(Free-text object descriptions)

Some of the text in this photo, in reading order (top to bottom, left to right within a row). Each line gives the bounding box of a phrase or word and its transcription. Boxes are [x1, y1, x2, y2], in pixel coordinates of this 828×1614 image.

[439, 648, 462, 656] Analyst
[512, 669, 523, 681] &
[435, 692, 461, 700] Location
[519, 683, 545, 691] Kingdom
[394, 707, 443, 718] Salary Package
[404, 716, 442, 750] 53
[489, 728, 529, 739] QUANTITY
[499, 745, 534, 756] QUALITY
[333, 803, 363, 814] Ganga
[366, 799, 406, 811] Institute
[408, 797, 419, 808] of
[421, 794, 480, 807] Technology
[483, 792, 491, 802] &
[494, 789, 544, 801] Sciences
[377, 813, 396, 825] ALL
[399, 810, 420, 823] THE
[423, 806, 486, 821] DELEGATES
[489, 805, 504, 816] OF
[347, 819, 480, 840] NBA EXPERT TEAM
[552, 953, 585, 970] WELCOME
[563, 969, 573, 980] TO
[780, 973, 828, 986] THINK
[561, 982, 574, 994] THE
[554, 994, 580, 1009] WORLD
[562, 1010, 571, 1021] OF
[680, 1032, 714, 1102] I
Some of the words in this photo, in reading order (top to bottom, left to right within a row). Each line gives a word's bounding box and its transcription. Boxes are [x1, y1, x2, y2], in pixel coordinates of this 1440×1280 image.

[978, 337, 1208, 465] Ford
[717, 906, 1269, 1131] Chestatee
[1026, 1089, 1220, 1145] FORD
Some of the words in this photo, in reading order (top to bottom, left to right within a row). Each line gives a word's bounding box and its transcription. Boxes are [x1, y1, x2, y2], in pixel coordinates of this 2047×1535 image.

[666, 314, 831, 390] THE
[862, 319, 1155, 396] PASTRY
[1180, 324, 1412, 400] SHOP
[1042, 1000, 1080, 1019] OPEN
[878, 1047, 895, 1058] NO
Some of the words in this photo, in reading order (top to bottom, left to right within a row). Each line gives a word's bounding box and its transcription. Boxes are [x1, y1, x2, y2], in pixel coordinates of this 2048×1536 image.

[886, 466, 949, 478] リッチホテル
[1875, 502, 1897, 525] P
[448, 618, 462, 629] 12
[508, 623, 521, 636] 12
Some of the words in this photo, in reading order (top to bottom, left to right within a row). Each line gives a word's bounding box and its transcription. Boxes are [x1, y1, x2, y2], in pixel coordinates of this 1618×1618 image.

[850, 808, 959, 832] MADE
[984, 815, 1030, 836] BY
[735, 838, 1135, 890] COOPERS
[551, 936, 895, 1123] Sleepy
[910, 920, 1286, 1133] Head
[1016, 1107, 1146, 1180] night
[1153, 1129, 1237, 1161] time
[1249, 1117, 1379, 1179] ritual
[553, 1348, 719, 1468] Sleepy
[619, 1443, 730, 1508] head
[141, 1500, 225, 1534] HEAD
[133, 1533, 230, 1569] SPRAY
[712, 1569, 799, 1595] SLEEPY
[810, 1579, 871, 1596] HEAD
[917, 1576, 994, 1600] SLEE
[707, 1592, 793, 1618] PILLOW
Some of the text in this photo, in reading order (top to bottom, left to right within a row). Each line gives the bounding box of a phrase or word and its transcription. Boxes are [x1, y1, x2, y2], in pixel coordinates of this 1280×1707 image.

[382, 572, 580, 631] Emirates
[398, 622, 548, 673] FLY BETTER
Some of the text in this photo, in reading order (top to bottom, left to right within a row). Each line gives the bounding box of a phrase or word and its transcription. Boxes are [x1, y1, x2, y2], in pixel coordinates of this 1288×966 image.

### Work order
After locating the line with "this 1618×1618 image.", please repeat it and every line after it exactly, through the end of the data above.

### Answer to the exercise
Some of the words in this photo, in reading order (top to bottom, left to right within a row). Each line gives a word's bounding box and its transcription. Boxes are [x1, y1, x2, y2], in pixel coordinates of this 1618×1618 image.

[850, 808, 959, 832] MADE
[984, 815, 1030, 836] BY
[735, 838, 1135, 890] COOPERS
[551, 936, 895, 1123] Sleepy
[910, 920, 1286, 1133] Head
[1016, 1107, 1146, 1180] night
[1153, 1129, 1237, 1161] time
[1249, 1117, 1379, 1179] ritual
[553, 1348, 719, 1468] Sleepy
[619, 1443, 730, 1508] head
[141, 1500, 225, 1534] HEAD
[133, 1533, 230, 1569] SPRAY
[712, 1569, 799, 1595] SLEEPY
[810, 1579, 871, 1596] HEAD
[917, 1576, 994, 1600] SLEE
[707, 1592, 793, 1618] PILLOW
Some of the text in this photo, in reading order (top to bottom, left to right within a row). Each line gives the bounding box of a phrase or word and its transcription. Boxes are [x1, y1, x2, y2], in pixel coordinates of this 1280×1707 image.

[382, 572, 580, 631] Emirates
[398, 622, 548, 673] FLY BETTER
Some of the text in this photo, in reading order (top to bottom, left to right within a row). Each line gives the bounding box of a phrase or word and its transcription. Boxes are [x1, y1, x2, y2], in pixel coordinates of this 1288×966 image.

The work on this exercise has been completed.